Iran can help resolve Pakistan energy crisis: Analyst

Islamabad, Oct 20, IRNA -- Iran being a close neighbor of Pakistan and having vast energy resources can help the country to overcome its energy crisis by supplying natural gas, electricity and renewable energy.

Pakistan is currently facing severe energy issues and the government is making efforts to cope with the energy crisis in the country.

Analysts say Pakistan should set a target of generating at least 30 per cent of its electricity on the basis of renewable energy in the next five to seven years as this is the only way to tackle the power crisis.

Renewable energy is the energy collected from renewable resources, which are naturally replenished on a human timescale, such as sunlight, wind, rain, tides, waves, and geothermal heat.

Renewable energy often provides energy in four important areas: electricity generation, air and water heating/cooling, transportation, and rural (off-grid) energy services.

Alternative Energy Development Board (AEDB) Chief Executive Officer (CEO) Amjad Ali Awan stated Pakistan has to increase its reliance on renewable energy for power generation as at present, indigenous resources of natural gas account for 24 per cent electricity produced in the country; and soon, an alternative has to replace this source in view of fast depleting gas resources.

While many renewable energy projects are large-scale, renewable technologies are also suited to rural and remote areas and developing countries, where energy is often crucial in human development.

Renewable energy systems are rapidly becoming more efficient and cheaper. Their share of total energy consumption is increasing.

In 2010, the Iranian government announced plans to build 2,000MW of renewable energy capacity between 2010-2015. As of 2010, Iran had 8,500MW of hydroelectric capacity and 130MW of wind energy capacity. As at 2010, private companies had signed contracts to build more than 600MW of biomass systems and 500MW of new wind energy projects.
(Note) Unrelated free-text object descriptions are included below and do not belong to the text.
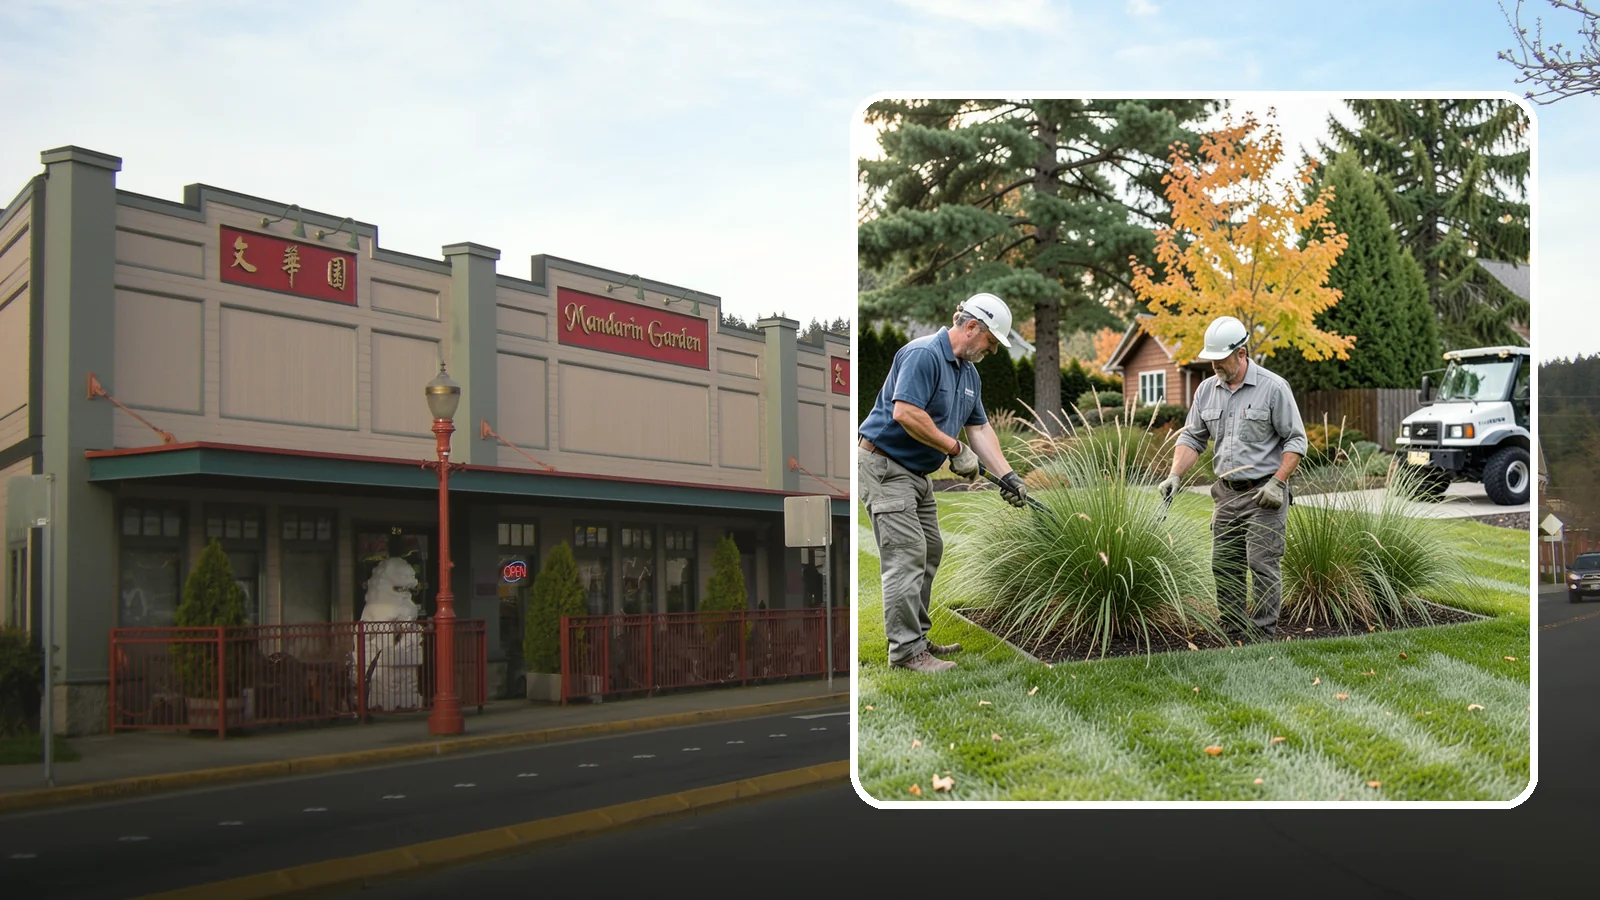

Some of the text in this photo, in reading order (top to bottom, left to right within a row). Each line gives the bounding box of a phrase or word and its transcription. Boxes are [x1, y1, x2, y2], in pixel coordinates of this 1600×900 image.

[230, 235, 346, 291] 文華園
[564, 302, 701, 352] Mandarin Garden
[835, 363, 846, 386] 文
[503, 565, 527, 578] OPEN
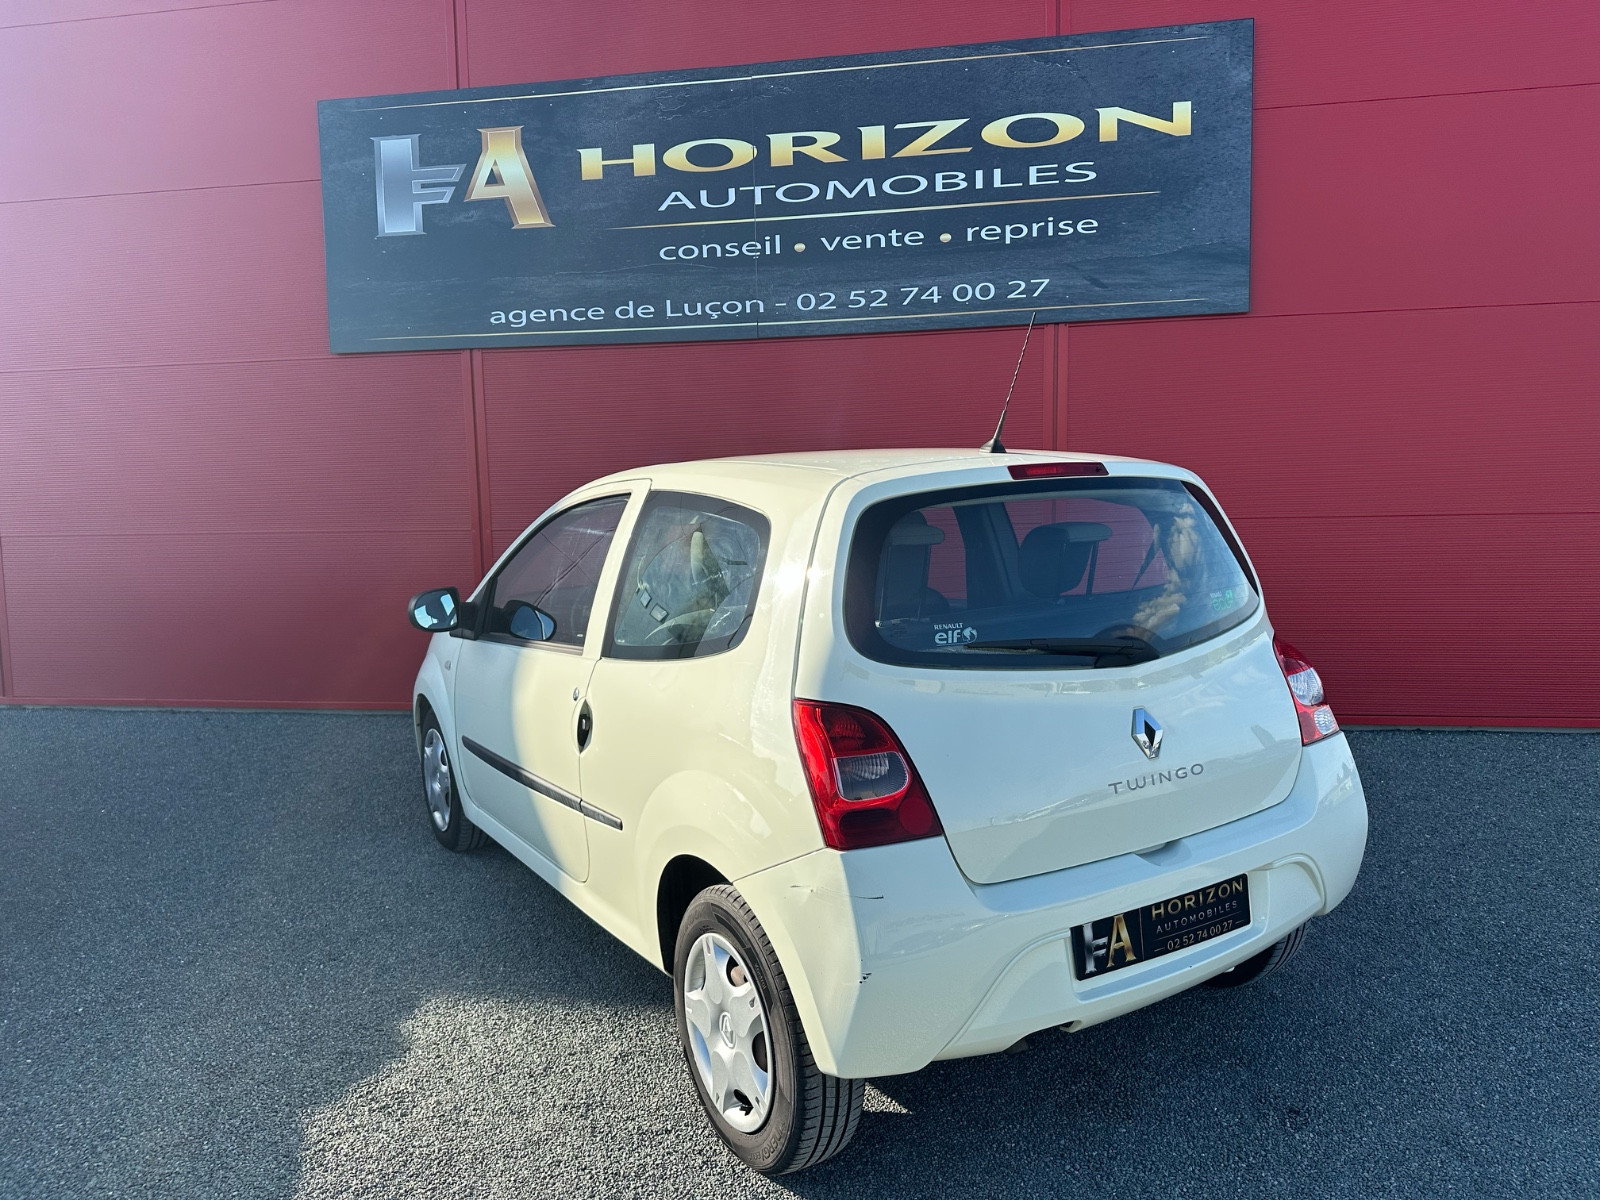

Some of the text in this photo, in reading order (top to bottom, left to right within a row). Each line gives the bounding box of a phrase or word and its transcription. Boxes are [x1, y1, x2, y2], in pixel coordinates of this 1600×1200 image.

[577, 101, 1192, 180] HORIZON
[658, 162, 1097, 211] AUTOMOBILES
[659, 216, 1098, 260] conseil vente reprise
[489, 306, 606, 327] agence
[614, 300, 656, 320] de
[666, 299, 764, 319] Luçon
[796, 293, 836, 311] 02
[848, 289, 888, 307] 52
[900, 286, 941, 304] 74
[952, 282, 995, 301] 00
[1007, 278, 1050, 298] 27
[934, 622, 964, 631] RENAULT
[934, 630, 962, 645] elf
[1108, 763, 1204, 795] TWINGO
[1151, 878, 1243, 921] HORIZON
[1155, 900, 1238, 934] AUTOMOBILES
[1167, 919, 1234, 951] 02 52 74 00 27
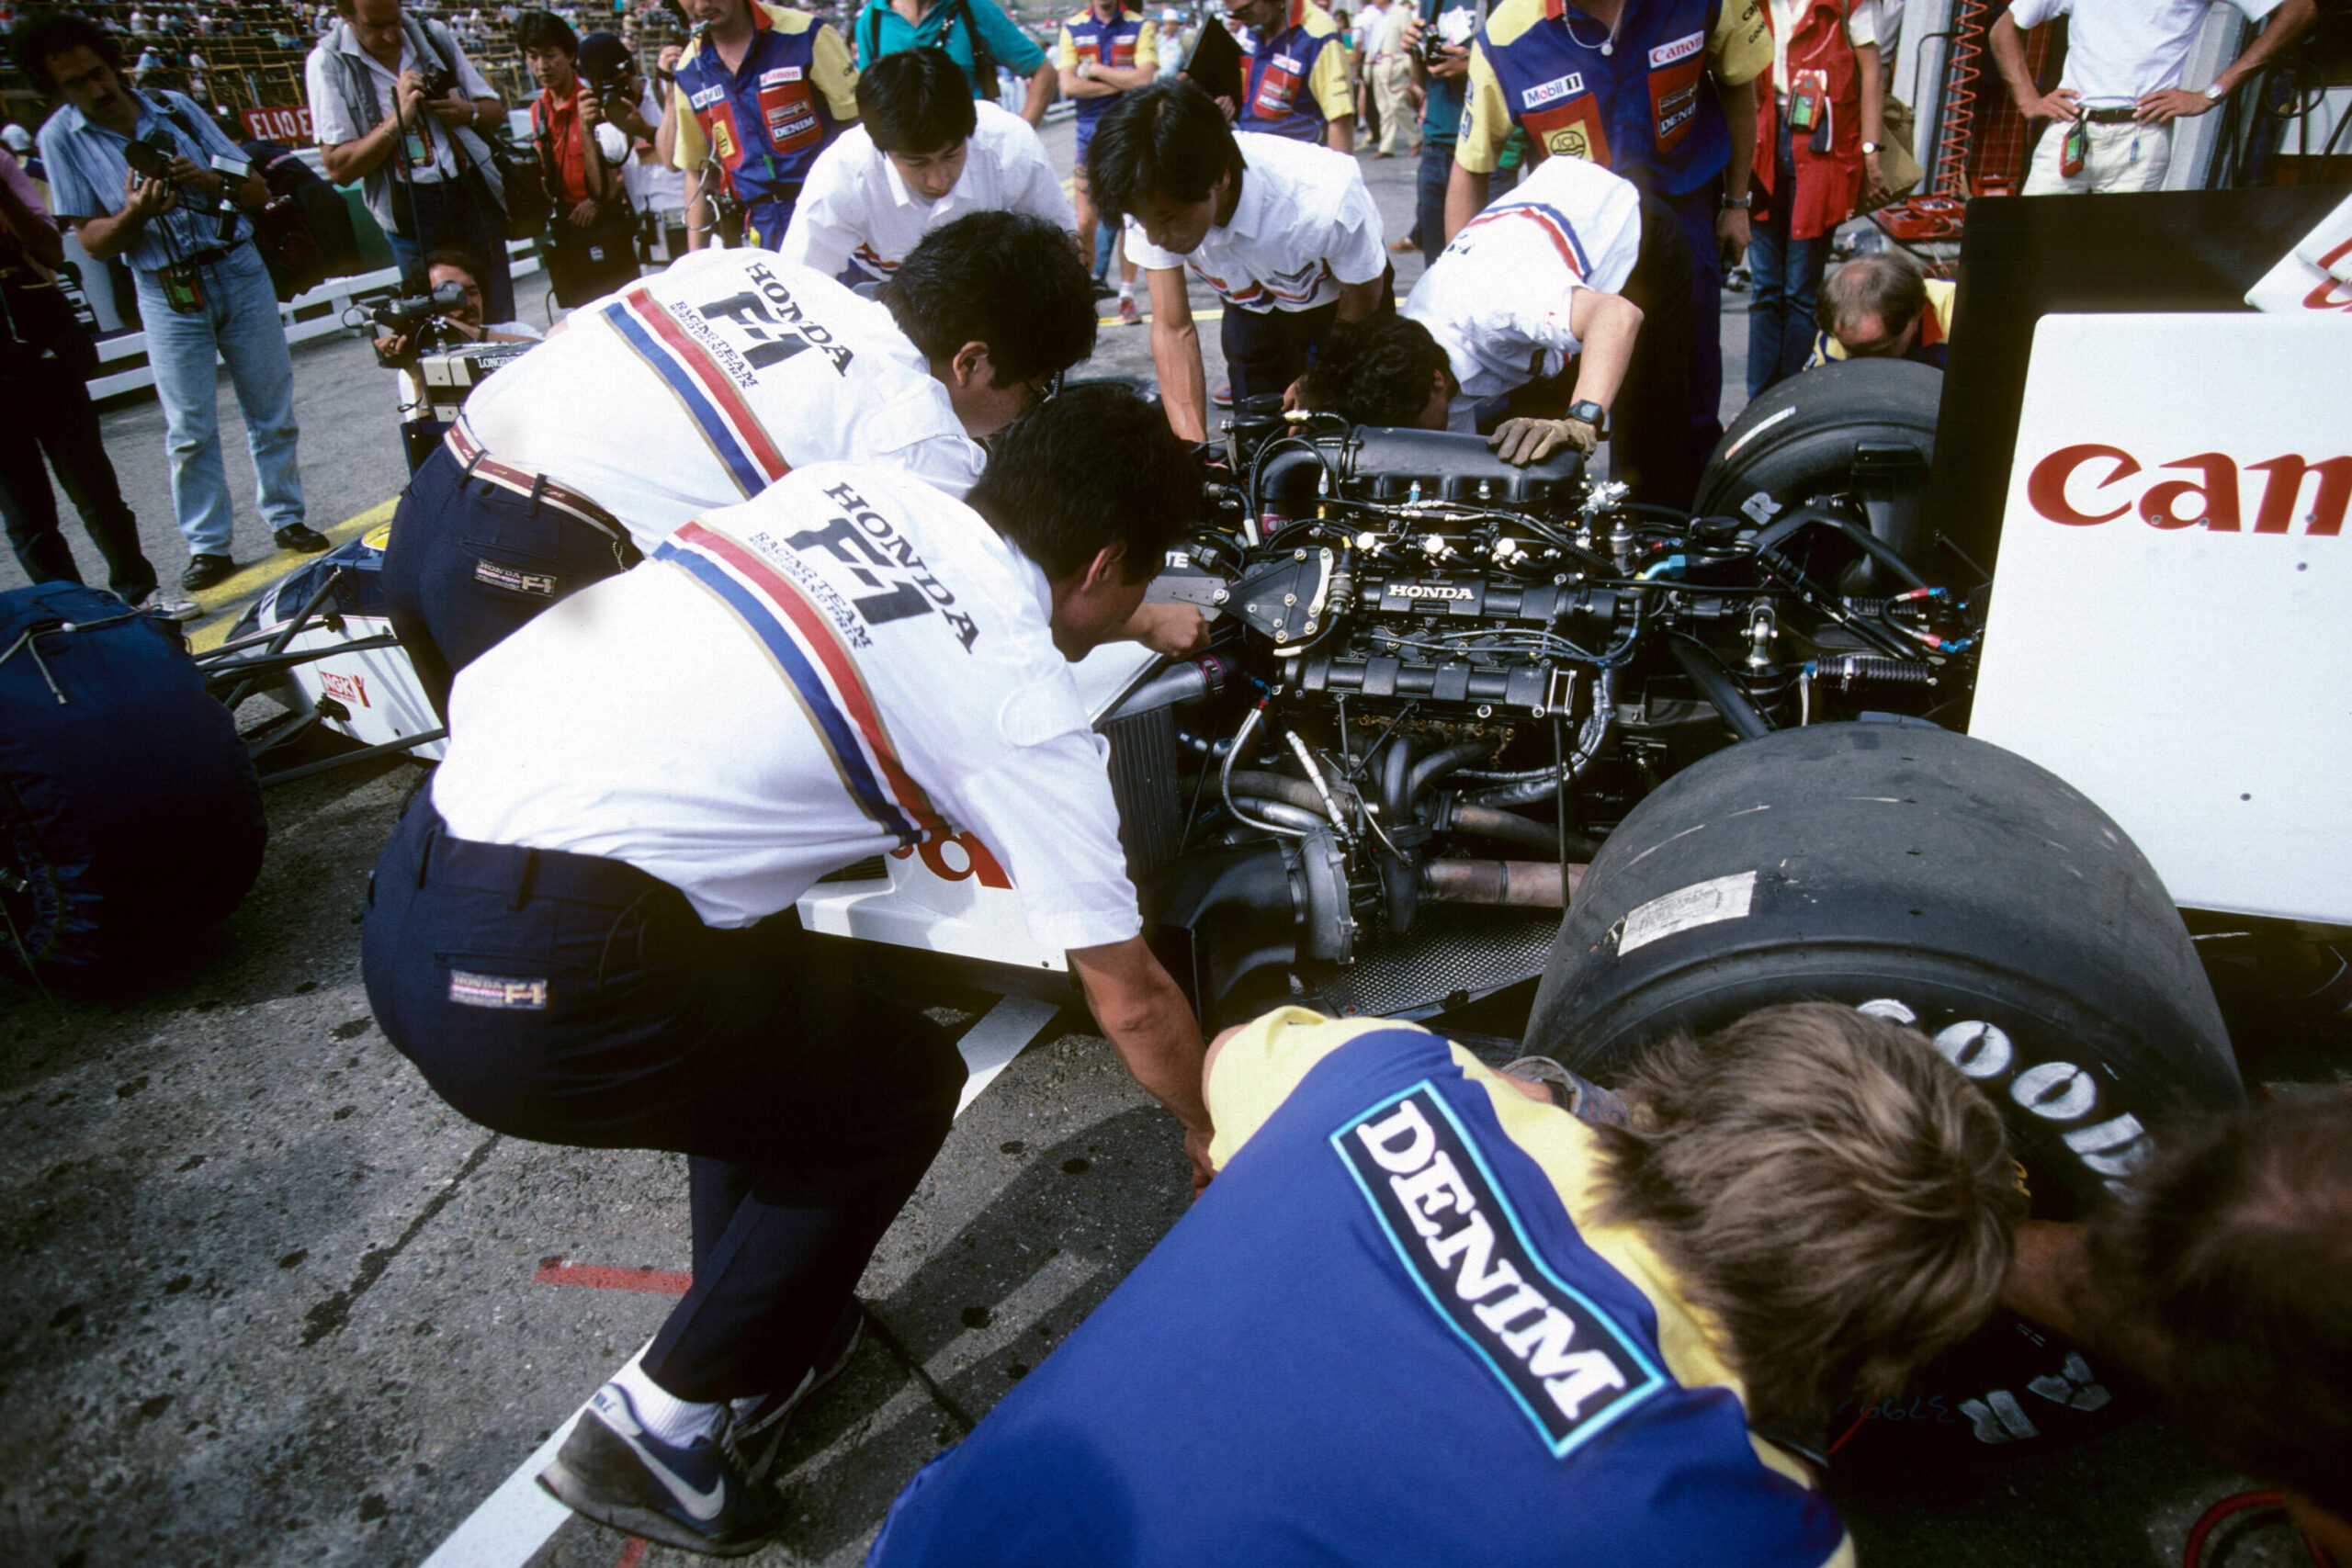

Iran is also working to make renewable energy commercially viable and the Ministry of Energy is required to buy privately produced renewable energy at world market prices. A feed-in-tariff (FiT) for wind and biomass energy around 13 cents/kWh is helpful.

In 2012, Iran allocated €500 million from the National Development Fund for renewable energy projects. Also supporting the solar industry is the state-sponsored Renewable Energy Organization of Iran (SUNA), which is attached to the Energy Ministry and enjoys a budget of around $60 million.

At present 57 countries of the world have been aiming for 100 per cent power generation on basis of renewable energy in the near future as there are countries like Germany and Denmark, which have been generating over 60 per cent of their electricity on the basis of alternative resources of power.

Experts say there is no other way for Pakistan other than to move forward in the arena of renewable energy with consistent, long-term, and concrete policies that define clear and high targets to be achieved by prospective investors from within and outside the country.

Pakistan and Iran have also signed Iran-Pakistan gas pipeline project. The IP project was to be implemented under segmented approach which means that Iran had to lay down the pipeline on its side and Pakistan had to build the pipeline in its territory.

The project was to be completed by December 2014 and come on stream from January 1, 2015. Under the penalty clause it was agreed by both sides that if Pakistan fails to have intake of Iranian gas from January 1, 2015, it will have to pay $01 million per day as penalty.

Ambassador of Iran to Pakistan Mehdi Honardoost has stated that the Pak-Iran gas pipeline will help to resolve energy crisis of Pakistan at cheaper rates. He also said that Iran will also provide 3,000 megawatts of electricity to Pakistan at low price.

Earlier Pakistan Minister for Petroleum and Natural Resources Ghulam Sarwar Khan had said Pakistan is fully committed to implement Iran-Pakistan (IP) gas pipeline project without any foreign pressure.

*Shiraz Asghar is IRNA's correspondent in Islamabad.